Sucht den politischen Ausweg: Emmanuel Macron vor dem Élysée-Palast. © picture alliance
Paris – Emmanuel Macron ist nicht dafür bekannt, schnelle Entscheidungen zu treffen. Bis zur Ernennung von Ex-Premier Michel Barnier im September hatte er sich zwei Monate Zeit gelassen. Als dessen Regierung nach nur drei Monaten zerbrach, kündigte der Präsident an, „in den kommenden Tagen“ einen Nachfolger zu ernennen. Das ist knapp eine Woche her – und so langsam wird das Parlament ungeduldig.
Ein wenig Zeit hat er sich noch erkaufen können. „Innerhalb von 24 Stunden“ werde Macron einen neuen Premier ernennen, versprach Macron gestern Nachmittag.
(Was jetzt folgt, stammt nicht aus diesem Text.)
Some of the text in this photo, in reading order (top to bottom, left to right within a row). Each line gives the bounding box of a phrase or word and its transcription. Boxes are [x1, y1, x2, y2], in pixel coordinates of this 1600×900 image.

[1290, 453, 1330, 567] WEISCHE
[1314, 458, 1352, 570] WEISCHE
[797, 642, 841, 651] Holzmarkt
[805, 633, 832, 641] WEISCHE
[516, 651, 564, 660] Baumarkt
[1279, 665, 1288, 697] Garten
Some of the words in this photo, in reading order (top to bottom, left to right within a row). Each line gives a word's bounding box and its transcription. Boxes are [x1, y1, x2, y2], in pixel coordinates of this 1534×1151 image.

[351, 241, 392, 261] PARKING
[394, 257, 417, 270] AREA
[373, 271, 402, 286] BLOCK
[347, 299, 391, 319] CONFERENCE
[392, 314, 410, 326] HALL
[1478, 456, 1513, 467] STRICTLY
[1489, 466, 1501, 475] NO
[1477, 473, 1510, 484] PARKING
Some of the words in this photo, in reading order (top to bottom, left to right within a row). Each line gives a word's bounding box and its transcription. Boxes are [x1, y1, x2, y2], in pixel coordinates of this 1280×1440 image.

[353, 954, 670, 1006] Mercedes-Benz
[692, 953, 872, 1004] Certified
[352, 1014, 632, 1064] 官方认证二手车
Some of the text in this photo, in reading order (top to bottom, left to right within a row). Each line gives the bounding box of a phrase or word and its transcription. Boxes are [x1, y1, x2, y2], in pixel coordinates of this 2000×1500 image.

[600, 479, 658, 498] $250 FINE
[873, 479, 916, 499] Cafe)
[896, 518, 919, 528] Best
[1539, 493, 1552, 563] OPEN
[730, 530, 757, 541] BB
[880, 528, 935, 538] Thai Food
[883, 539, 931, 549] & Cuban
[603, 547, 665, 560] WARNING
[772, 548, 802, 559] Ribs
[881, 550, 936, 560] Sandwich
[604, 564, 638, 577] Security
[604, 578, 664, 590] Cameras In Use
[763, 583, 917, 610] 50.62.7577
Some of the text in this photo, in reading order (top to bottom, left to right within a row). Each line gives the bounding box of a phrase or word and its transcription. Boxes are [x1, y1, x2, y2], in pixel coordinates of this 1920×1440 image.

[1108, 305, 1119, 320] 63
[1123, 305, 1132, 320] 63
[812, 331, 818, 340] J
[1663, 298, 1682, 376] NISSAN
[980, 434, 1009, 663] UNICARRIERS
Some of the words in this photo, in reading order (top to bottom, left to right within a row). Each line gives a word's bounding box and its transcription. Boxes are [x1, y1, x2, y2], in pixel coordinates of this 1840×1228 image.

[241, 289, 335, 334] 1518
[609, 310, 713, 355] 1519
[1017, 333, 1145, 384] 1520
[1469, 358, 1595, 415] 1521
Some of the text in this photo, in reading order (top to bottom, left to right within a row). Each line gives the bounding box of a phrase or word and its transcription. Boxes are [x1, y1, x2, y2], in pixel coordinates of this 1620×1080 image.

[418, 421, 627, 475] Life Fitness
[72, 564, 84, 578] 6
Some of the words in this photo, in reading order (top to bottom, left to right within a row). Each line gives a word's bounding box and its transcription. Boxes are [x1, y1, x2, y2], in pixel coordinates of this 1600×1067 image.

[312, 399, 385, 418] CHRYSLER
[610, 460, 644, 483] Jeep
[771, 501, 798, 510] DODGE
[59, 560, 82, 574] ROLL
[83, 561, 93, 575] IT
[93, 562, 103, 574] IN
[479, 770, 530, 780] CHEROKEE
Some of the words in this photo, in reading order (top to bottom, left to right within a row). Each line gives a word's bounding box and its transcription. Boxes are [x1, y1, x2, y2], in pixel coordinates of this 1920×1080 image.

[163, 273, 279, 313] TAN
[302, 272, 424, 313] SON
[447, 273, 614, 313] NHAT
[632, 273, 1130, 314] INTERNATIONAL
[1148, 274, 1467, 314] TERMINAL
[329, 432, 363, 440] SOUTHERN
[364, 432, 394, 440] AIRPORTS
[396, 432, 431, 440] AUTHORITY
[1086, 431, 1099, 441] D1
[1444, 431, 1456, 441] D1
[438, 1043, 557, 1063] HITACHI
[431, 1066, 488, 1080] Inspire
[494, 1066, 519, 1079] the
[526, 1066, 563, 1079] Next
Zuvor hatte er erstmals die Spitzen aller Parteien ins Élysée eingeladen – mit Ausnahme der Links- und Rechtspopulisten.
Kriterien für die Teilnahme an dem Treffen sei die „Kompromissbereitschaft“ der jeweiligen Parteien gewesen, hieß es im Élysée. Ziel sei die „Einigung auf eine Methode“. Damit dürfte gemeint sein, dass die beteiligten Parteien sich verpflichten, die künftige Regierung nicht umgehend durch ein Misstrauensvotum zu stürzen – quasi eine Art Friedensvereinbarung.
Sollten sie sich darauf einigen, hätten die gemäßigten Parteien gemeinsam eine Mehrheit gegenüber den Rechts- und Linkspopulisten. Sozialisten und Grüne hatten vergangenen Mittwoch noch für das Misstrauensvotum gestimmt, das die Minderheitsregierung von Barnier zu Fall gebracht hatte.
Sozialistenchef Olivier Faure sprach Macron die Fähigkeit ab, zwischen den Parteien vermitteln zu können. „Die Debatte sollte nicht unter seiner Aufsicht fortgesetzt werden, denn er kann nicht der Schiedsrichter sein“, sagt er beim Eintreffen im Élysée. Grünen-Chefin Marine Tondelier pflichtete ihm bei: „Die Debatte sollte besser in der Nationalversammlung geführt werden.“
Das Parteientreffen im Élysée ist ein bislang unbekanntes Format. Bislang hatte er die Vertreter der Parteien meist einzeln im Palast empfangen. Und mit ihm ist es Macron zumindest gelungen, einen symbolischen Keil in das links-grüne Wahlbündnis Neue Volksfront zu treiben. Der linkspopulistische Parteichef Manuel Bompard mahnte die bislang mit seiner Partei verbündeten Sozialisten und Grünen, nicht „der Versuchung einer Regierungsbeteiligung zu erliegen“.
Offen ist weiterhin, wer sich letztlich an der Regierung beteiligt. Die Sozialisten und Grünen lehnen dies ab, solange der nächste Premierminister nicht aus ihren Reihen hervorgeht. Danach sieht es derzeit jedoch nicht aus. Zudem sind sie intern zerstritten, wer in einem solchen Fall den Posten übernehmen sollte.
Unterdessen gab der Élysée bekannt, dass die geschäftsführende Regierung heute ein Sondergesetz vorstellen will. Dieses soll es der künftigen Regierung ermöglichen, auf der Basis des Haushalts von 2024 weiterzumachen. Es ist das erste Mal seit 1979, dass ein solches Gesetz nötig ist. Die Minderheitsregierung von Barnier hatte es nicht geschafft, eine Mehrheit für ihre Haushaltsgesetze zu bekommen.
Spekulationen über Barniers Nachfolge gibt es bereits. Als Kandidaten sind neben anderen der 38 Jahre alte Verteidigungsminister Sébastien Lecornu und der 73 Jahre alte François Bayrou, Chef einer mit Macron verbündeten Splitterpartei, im Gespräch. Genannt wird auch die Ministerin für Dezentralisierung, Catherine Vautrin.